>>
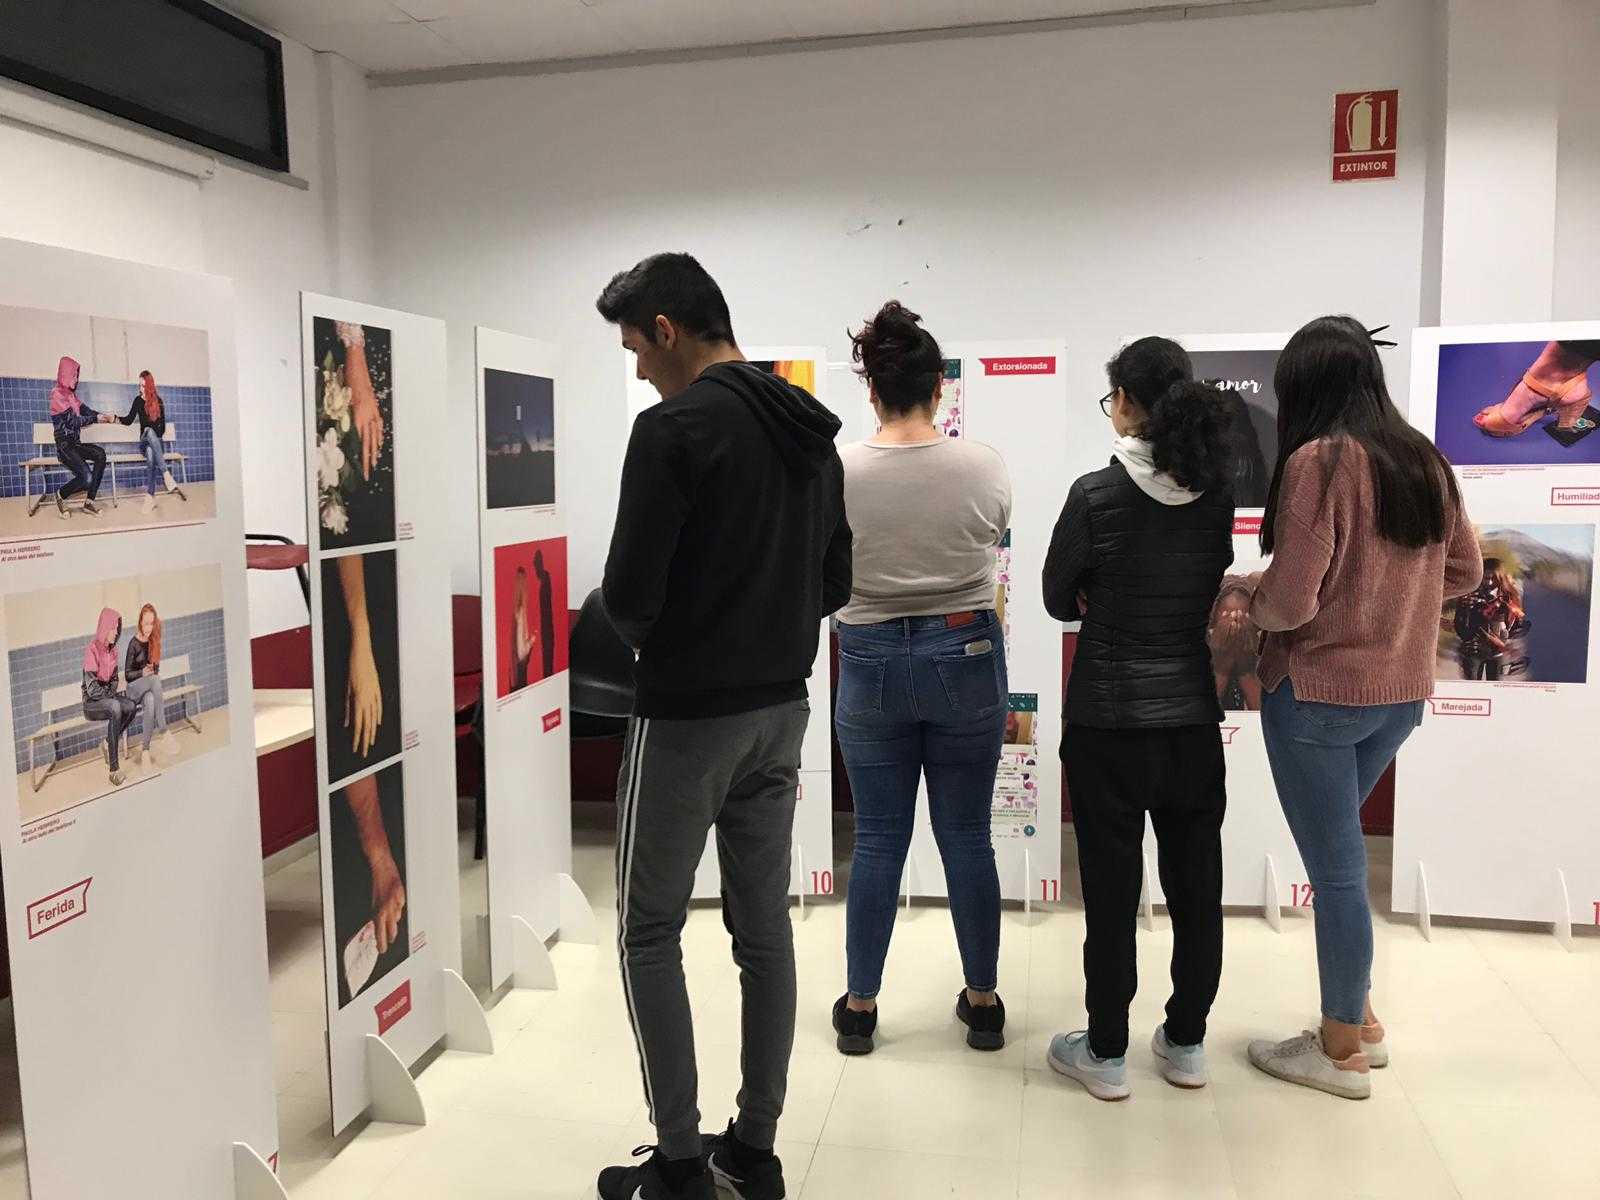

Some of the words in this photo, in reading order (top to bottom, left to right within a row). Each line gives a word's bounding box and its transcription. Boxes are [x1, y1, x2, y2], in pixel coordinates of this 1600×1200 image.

[1340, 161, 1387, 172] EXTINTOR
[992, 362, 1048, 371] Extorsionada
[1215, 379, 1262, 393] amor
[1557, 492, 1600, 501] Humiliad
[1234, 521, 1261, 530] Silenc
[1441, 702, 1483, 713] Marejada
[811, 870, 832, 894] 10
[1040, 879, 1058, 901] 11
[1291, 883, 1312, 907] 12
[37, 898, 75, 925] Ferida
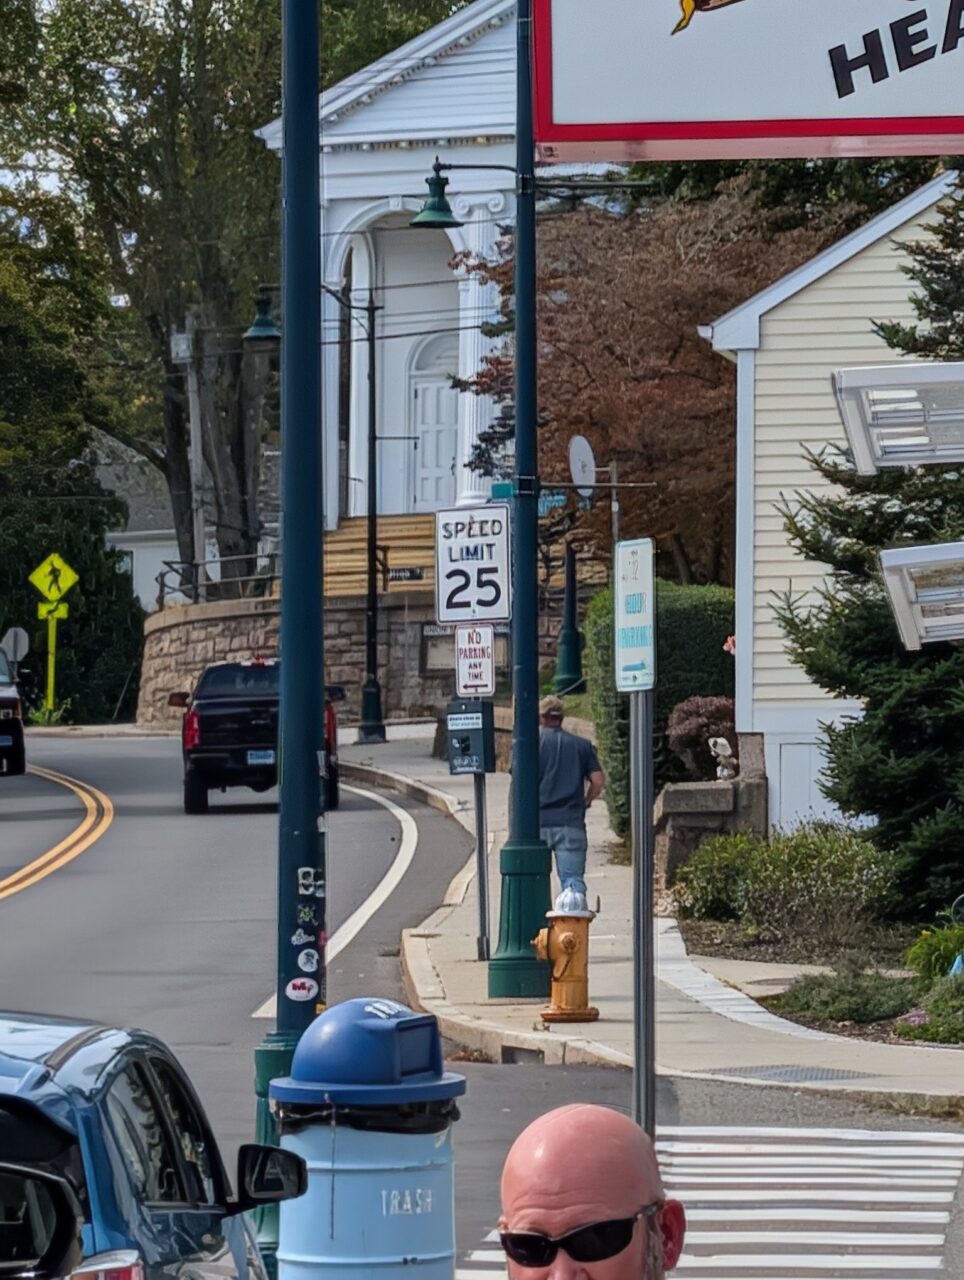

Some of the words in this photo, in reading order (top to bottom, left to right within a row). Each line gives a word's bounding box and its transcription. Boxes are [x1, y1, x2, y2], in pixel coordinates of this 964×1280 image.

[442, 519, 502, 539] SPEED
[448, 543, 496, 562] LIMIT
[445, 566, 502, 609] 25
[467, 631, 482, 644] NO
[459, 646, 491, 659] PARKING
[468, 661, 482, 670] ANY
[468, 671, 483, 681] TIME
[381, 1189, 432, 1216] TRASH
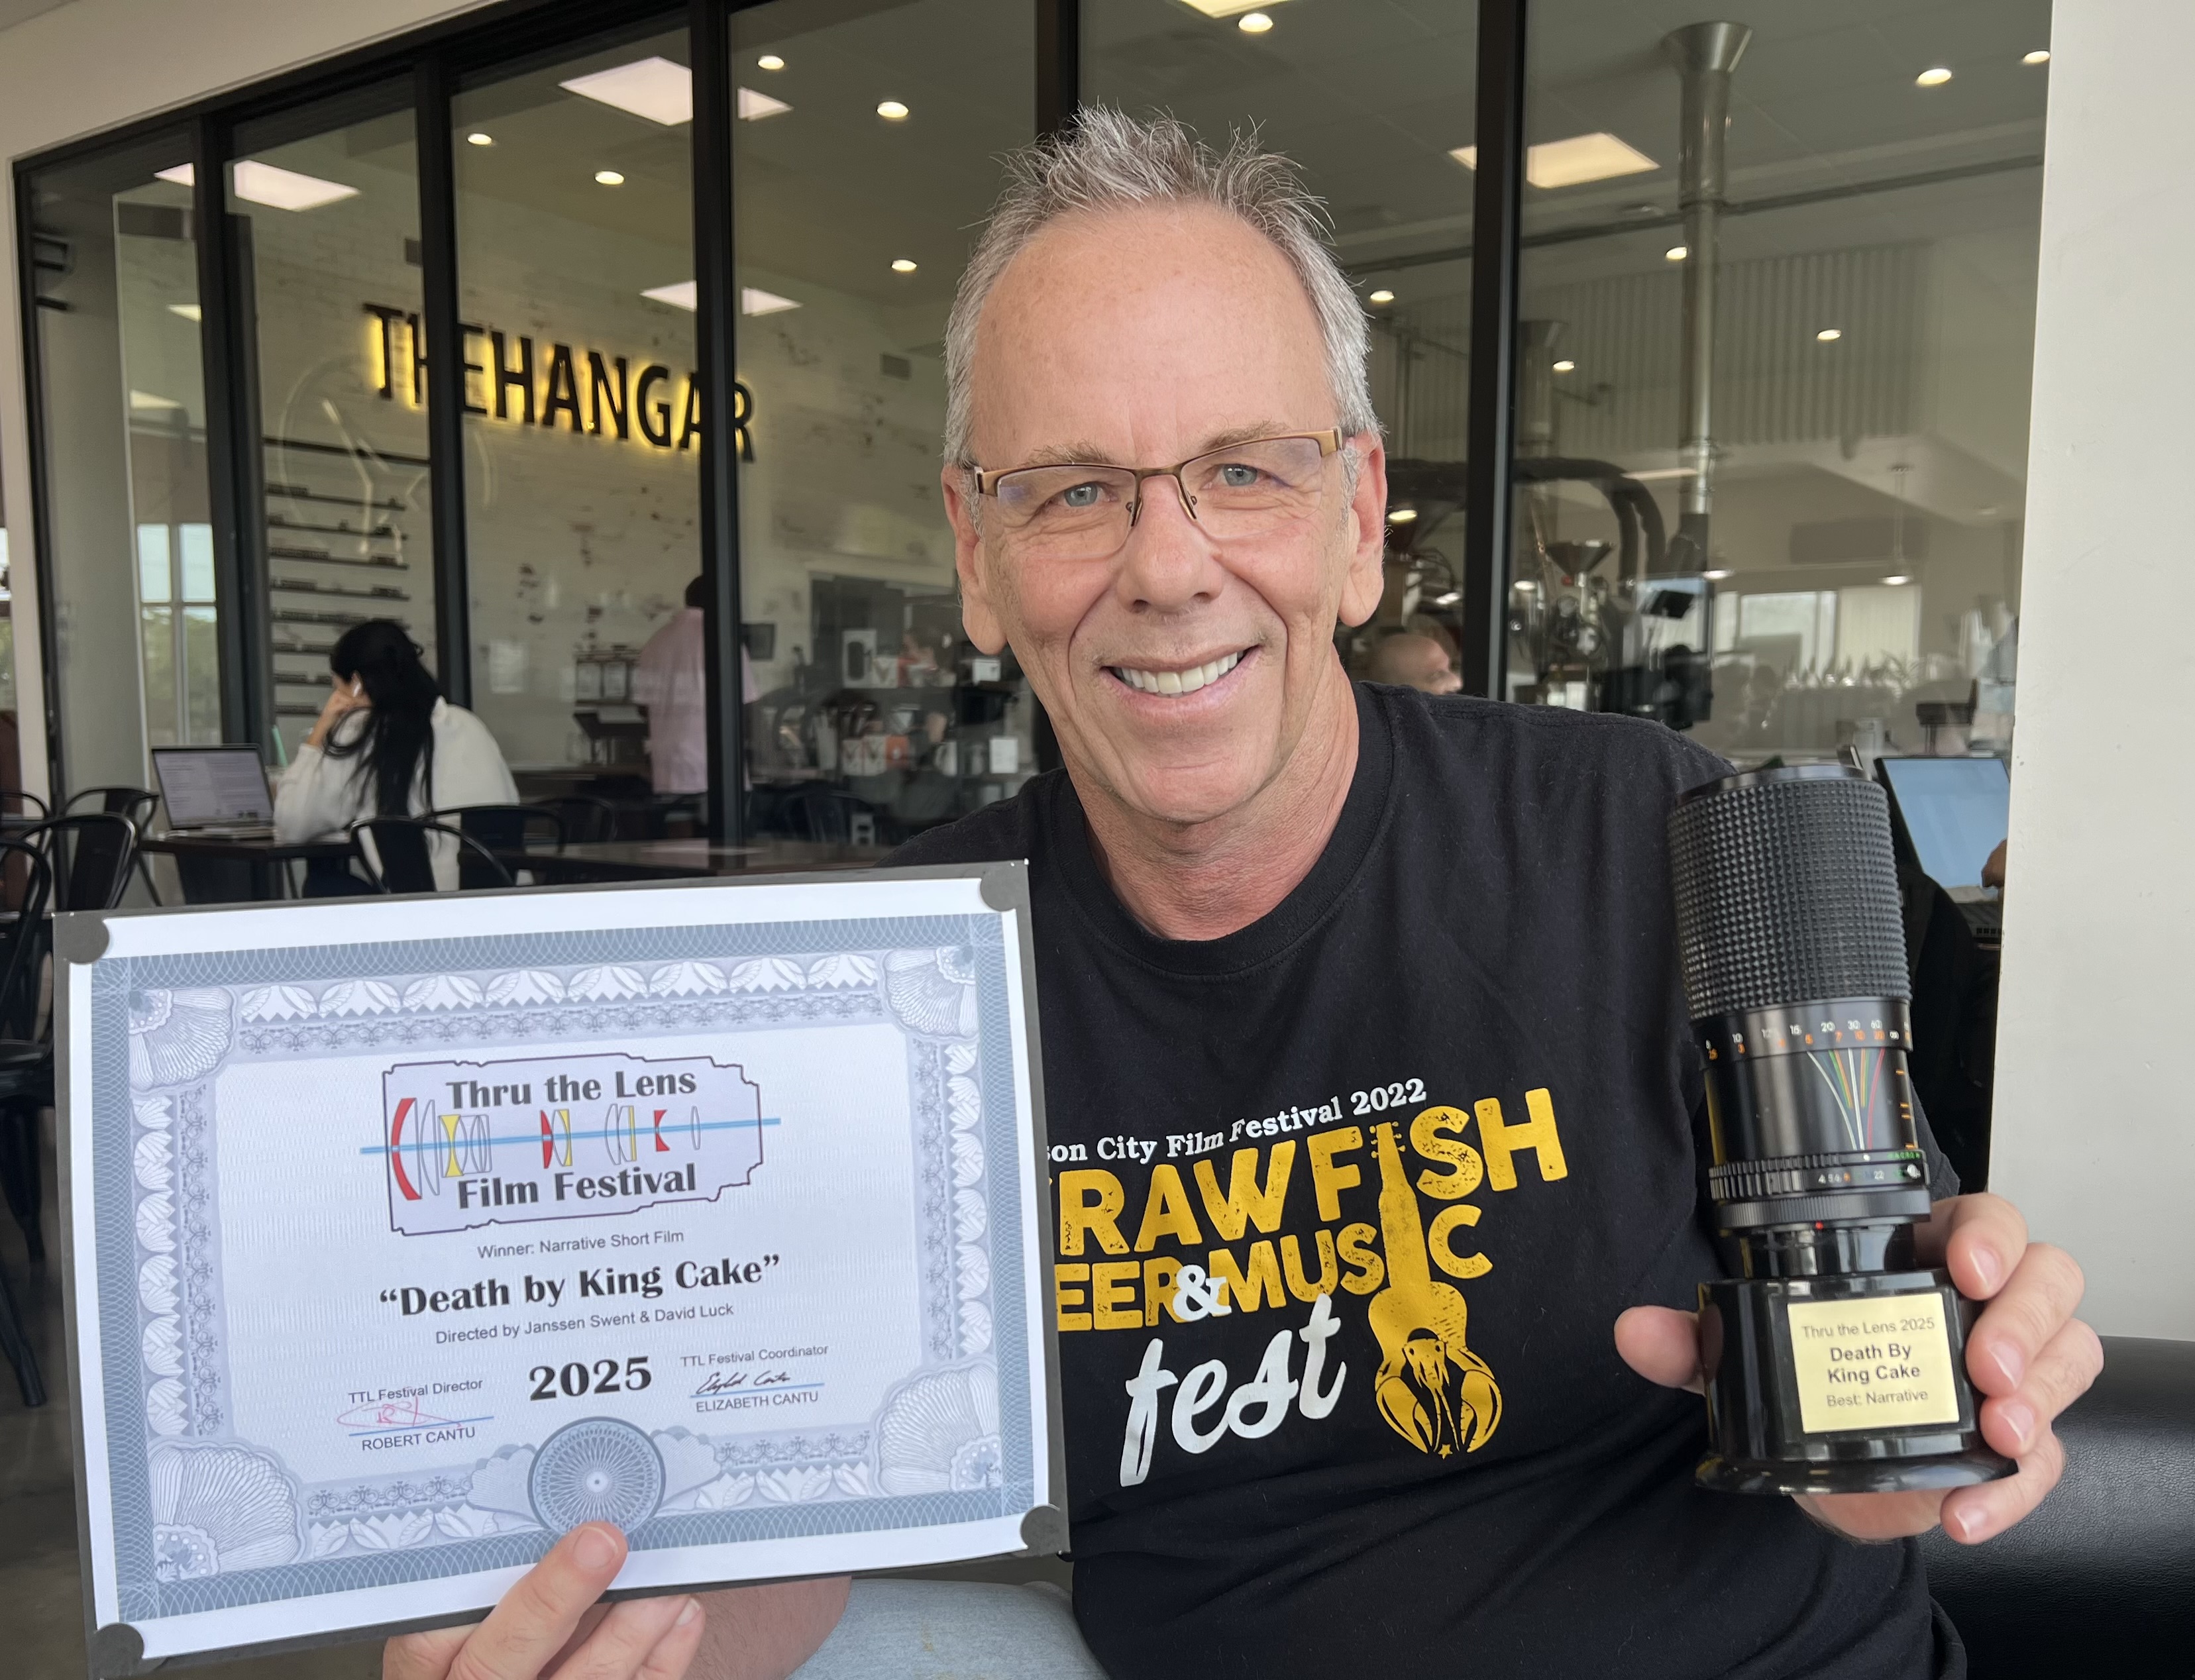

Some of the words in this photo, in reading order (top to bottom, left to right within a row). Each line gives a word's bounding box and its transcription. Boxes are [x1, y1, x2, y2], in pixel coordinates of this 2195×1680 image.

[1821, 1020, 1836, 1033] 20
[1847, 1020, 1861, 1031] 30
[446, 1081, 531, 1109] Thru
[546, 1075, 602, 1104] the
[616, 1070, 697, 1098] Lens
[1097, 1135, 1157, 1165] City
[1166, 1131, 1224, 1158] Film
[1229, 1096, 1342, 1143] Festival
[1350, 1078, 1427, 1116] 2022
[458, 1175, 539, 1209] Film
[555, 1163, 696, 1200] Festival
[1049, 1087, 1568, 1256] RAWFISH
[477, 1243, 535, 1259] Winner:
[539, 1237, 606, 1254] Narrative
[611, 1234, 651, 1247] Short
[654, 1230, 684, 1243] Film
[524, 1275, 566, 1307] by
[579, 1266, 664, 1298] King
[1172, 1265, 1232, 1322] &
[435, 1326, 499, 1345] Directed
[502, 1324, 520, 1337] by
[523, 1317, 586, 1336] Janssen
[590, 1312, 637, 1329] Swent
[640, 1311, 651, 1323] &
[654, 1306, 697, 1323] David
[700, 1303, 735, 1318] Luck
[1802, 1324, 1834, 1339] Thru
[1838, 1324, 1859, 1336] the
[1863, 1321, 1897, 1334] Lens
[1900, 1317, 1935, 1331] 2025
[680, 1356, 706, 1367] TTL
[709, 1350, 755, 1365] Festival
[759, 1345, 829, 1360] Coordinator
[1830, 1345, 1882, 1362] Death
[1888, 1342, 1912, 1360] By
[529, 1355, 652, 1402] 2025
[1827, 1367, 1870, 1385] King
[1876, 1363, 1921, 1380] Cake
[348, 1391, 376, 1404] TTL
[378, 1385, 428, 1401] Festival
[433, 1380, 484, 1395] Director
[696, 1396, 769, 1413] ELIZABETH
[773, 1391, 820, 1405] CANTU
[1120, 1293, 1347, 1487] fest
[1827, 1394, 1862, 1407] Best:
[1866, 1389, 1929, 1405] Narrative
[361, 1433, 422, 1451] ROBERT
[425, 1426, 476, 1444] CANTU
<<
**Instructions to follow**
Each entry above is to be written out exactly. The pictures stay out.

**Answer to this problem**
Some of the words in this photo, in reading order (top to bottom, left to right within a row). Each line gives a word's bounding box and its transcription. Boxes are [x1, y1, x2, y2], in pixel coordinates of this 1600×1200 image.

[1340, 161, 1387, 172] EXTINTOR
[992, 362, 1048, 371] Extorsionada
[1215, 379, 1262, 393] amor
[1557, 492, 1600, 501] Humiliad
[1234, 521, 1261, 530] Silenc
[1441, 702, 1483, 713] Marejada
[811, 870, 832, 894] 10
[1040, 879, 1058, 901] 11
[1291, 883, 1312, 907] 12
[37, 898, 75, 925] Ferida

Some of the words in this photo, in reading order (top to bottom, left to right within a row). Each line gives a word's bounding box and its transcription. Boxes are [x1, y1, x2, y2], in pixel coordinates of this 964×1280 image.

[442, 519, 502, 539] SPEED
[448, 543, 496, 562] LIMIT
[445, 566, 502, 609] 25
[467, 631, 482, 644] NO
[459, 646, 491, 659] PARKING
[468, 661, 482, 670] ANY
[468, 671, 483, 681] TIME
[381, 1189, 432, 1216] TRASH

Some of the words in this photo, in reading order (top to bottom, left to right within a row). Each line gives a word's bounding box and its transcription. Boxes are [x1, y1, x2, y2], in pixel coordinates of this 2195×1680 image.

[1821, 1020, 1836, 1033] 20
[1847, 1020, 1861, 1031] 30
[446, 1081, 531, 1109] Thru
[546, 1075, 602, 1104] the
[616, 1070, 697, 1098] Lens
[1097, 1135, 1157, 1165] City
[1166, 1131, 1224, 1158] Film
[1229, 1096, 1342, 1143] Festival
[1350, 1078, 1427, 1116] 2022
[458, 1175, 539, 1209] Film
[555, 1163, 696, 1200] Festival
[1049, 1087, 1568, 1256] RAWFISH
[477, 1243, 535, 1259] Winner:
[539, 1237, 606, 1254] Narrative
[611, 1234, 651, 1247] Short
[654, 1230, 684, 1243] Film
[524, 1275, 566, 1307] by
[579, 1266, 664, 1298] King
[1172, 1265, 1232, 1322] &
[435, 1326, 499, 1345] Directed
[502, 1324, 520, 1337] by
[523, 1317, 586, 1336] Janssen
[590, 1312, 637, 1329] Swent
[640, 1311, 651, 1323] &
[654, 1306, 697, 1323] David
[700, 1303, 735, 1318] Luck
[1802, 1324, 1834, 1339] Thru
[1838, 1324, 1859, 1336] the
[1863, 1321, 1897, 1334] Lens
[1900, 1317, 1935, 1331] 2025
[680, 1356, 706, 1367] TTL
[709, 1350, 755, 1365] Festival
[759, 1345, 829, 1360] Coordinator
[1830, 1345, 1882, 1362] Death
[1888, 1342, 1912, 1360] By
[529, 1355, 652, 1402] 2025
[1827, 1367, 1870, 1385] King
[1876, 1363, 1921, 1380] Cake
[348, 1391, 376, 1404] TTL
[378, 1385, 428, 1401] Festival
[433, 1380, 484, 1395] Director
[696, 1396, 769, 1413] ELIZABETH
[773, 1391, 820, 1405] CANTU
[1120, 1293, 1347, 1487] fest
[1827, 1394, 1862, 1407] Best:
[1866, 1389, 1929, 1405] Narrative
[361, 1433, 422, 1451] ROBERT
[425, 1426, 476, 1444] CANTU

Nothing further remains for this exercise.